(Collected data)
________________________________________
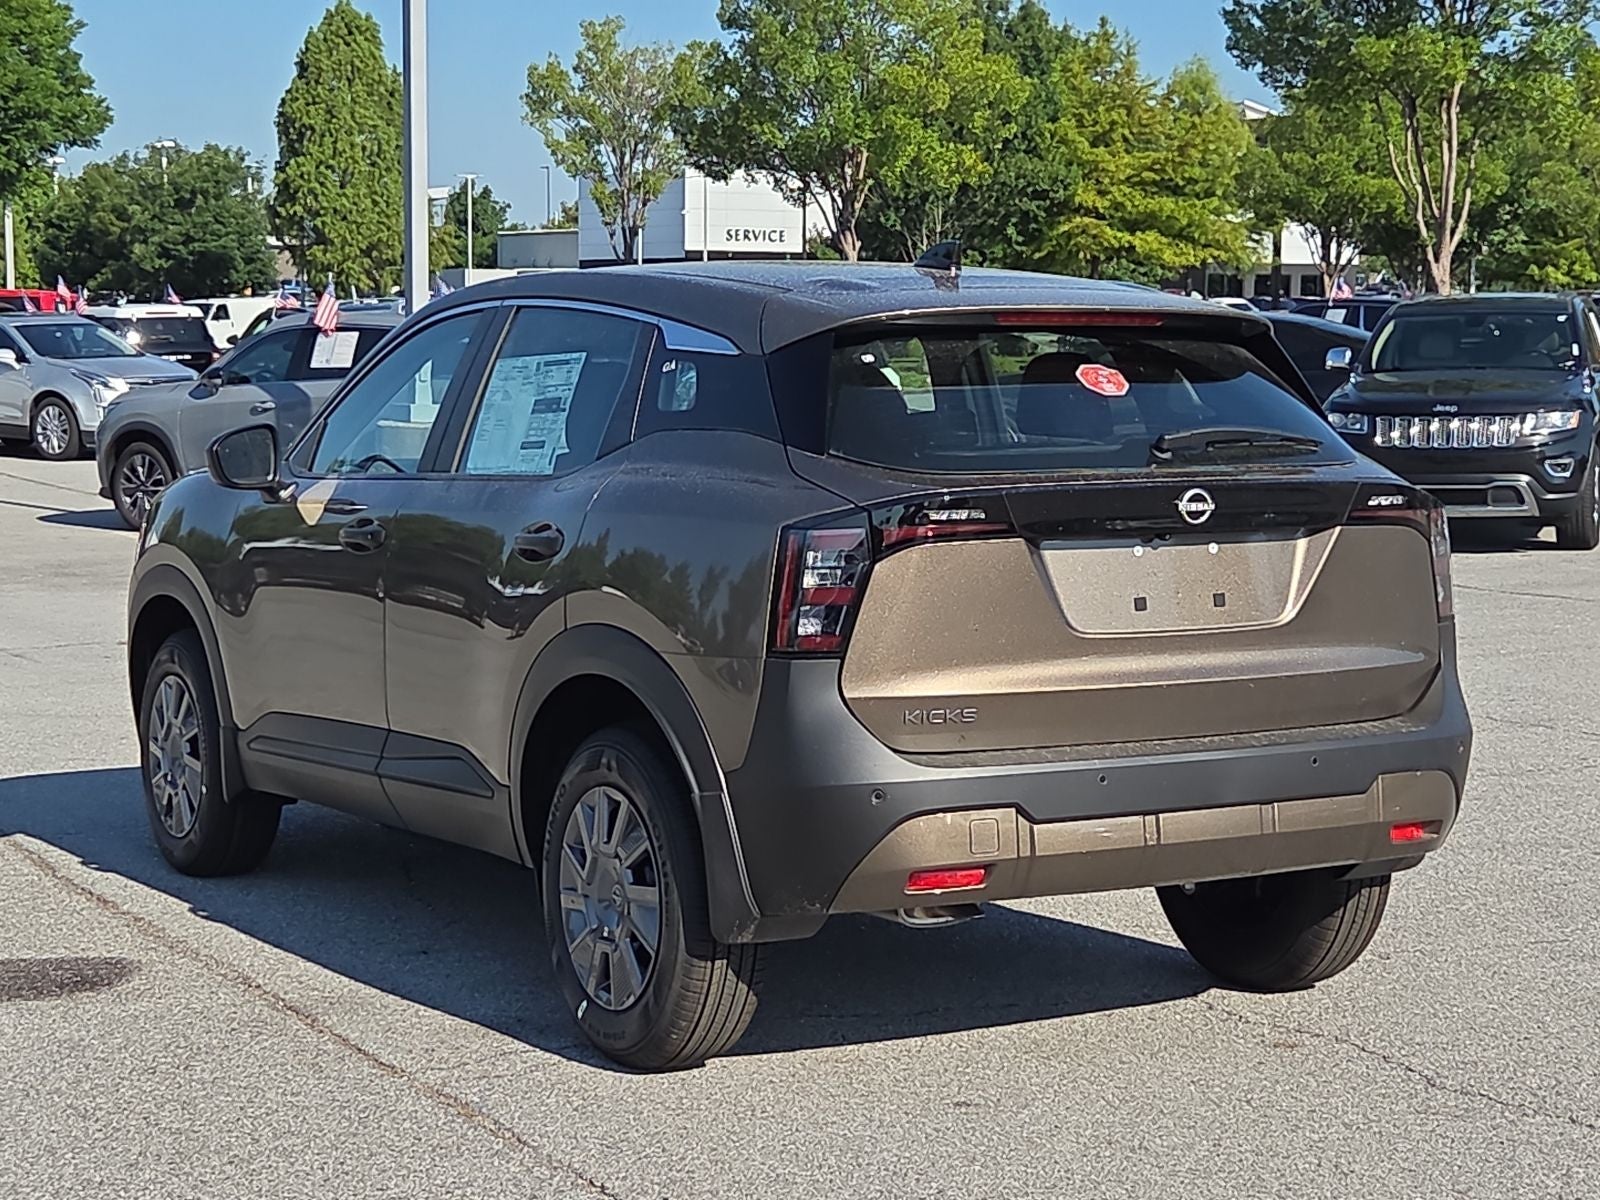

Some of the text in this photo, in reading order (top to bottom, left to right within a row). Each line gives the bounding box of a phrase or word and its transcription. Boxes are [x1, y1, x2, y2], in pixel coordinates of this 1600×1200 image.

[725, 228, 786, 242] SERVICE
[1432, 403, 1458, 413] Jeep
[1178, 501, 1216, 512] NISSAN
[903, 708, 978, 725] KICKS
________________________________________
Your answer must be an exact copy of the records above, with every picture left out.

Some of the text in this photo, in reading order (top to bottom, left to right within a row). Each line gives the bounding box of a phrase or word and its transcription. Boxes are [x1, y1, x2, y2], in pixel coordinates of this 1600×1200 image.

[725, 228, 786, 242] SERVICE
[1432, 403, 1458, 413] Jeep
[1178, 501, 1216, 512] NISSAN
[903, 708, 978, 725] KICKS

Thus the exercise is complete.